##### RECORDS FOR THE TASK #####
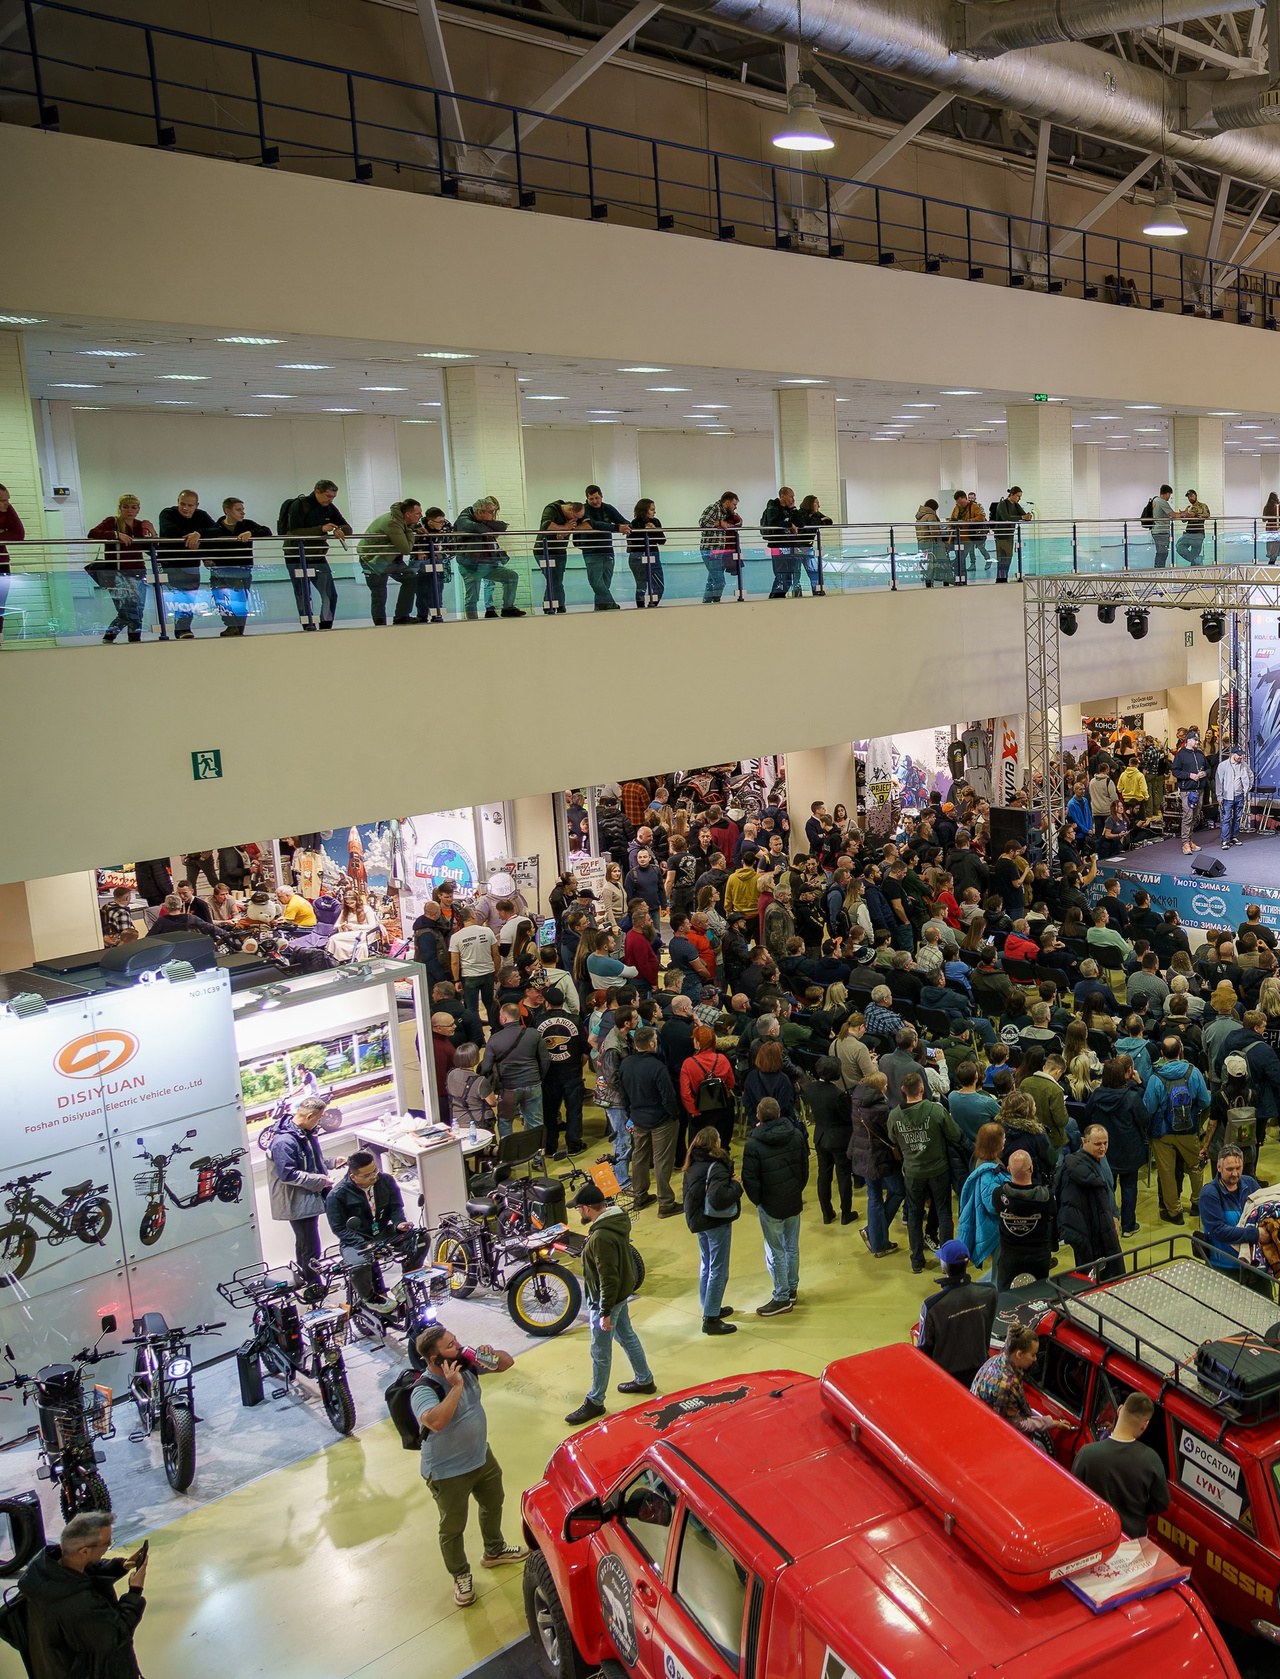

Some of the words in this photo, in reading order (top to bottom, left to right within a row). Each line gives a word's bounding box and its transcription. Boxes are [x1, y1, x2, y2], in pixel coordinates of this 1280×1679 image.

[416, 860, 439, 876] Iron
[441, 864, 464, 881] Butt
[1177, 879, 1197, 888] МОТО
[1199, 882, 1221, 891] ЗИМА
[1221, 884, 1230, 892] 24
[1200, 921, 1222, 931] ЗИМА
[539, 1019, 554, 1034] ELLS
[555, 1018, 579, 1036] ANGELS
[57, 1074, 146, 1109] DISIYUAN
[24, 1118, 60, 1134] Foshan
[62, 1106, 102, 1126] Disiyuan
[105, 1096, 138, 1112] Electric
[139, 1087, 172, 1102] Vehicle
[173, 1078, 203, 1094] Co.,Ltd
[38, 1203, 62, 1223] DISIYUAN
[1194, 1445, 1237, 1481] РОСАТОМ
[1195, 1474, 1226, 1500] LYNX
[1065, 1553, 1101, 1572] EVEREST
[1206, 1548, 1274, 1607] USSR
#####
YOUR INSTRUCTIONS
Repeat the entries exactly, pictures left out.

ANSWER SECTION
Some of the words in this photo, in reading order (top to bottom, left to right within a row). Each line gives a word's bounding box and its transcription. Boxes are [x1, y1, x2, y2], in pixel coordinates of this 1280×1679 image.

[416, 860, 439, 876] Iron
[441, 864, 464, 881] Butt
[1177, 879, 1197, 888] МОТО
[1199, 882, 1221, 891] ЗИМА
[1221, 884, 1230, 892] 24
[1200, 921, 1222, 931] ЗИМА
[539, 1019, 554, 1034] ELLS
[555, 1018, 579, 1036] ANGELS
[57, 1074, 146, 1109] DISIYUAN
[24, 1118, 60, 1134] Foshan
[62, 1106, 102, 1126] Disiyuan
[105, 1096, 138, 1112] Electric
[139, 1087, 172, 1102] Vehicle
[173, 1078, 203, 1094] Co.,Ltd
[38, 1203, 62, 1223] DISIYUAN
[1194, 1445, 1237, 1481] РОСАТОМ
[1195, 1474, 1226, 1500] LYNX
[1065, 1553, 1101, 1572] EVEREST
[1206, 1548, 1274, 1607] USSR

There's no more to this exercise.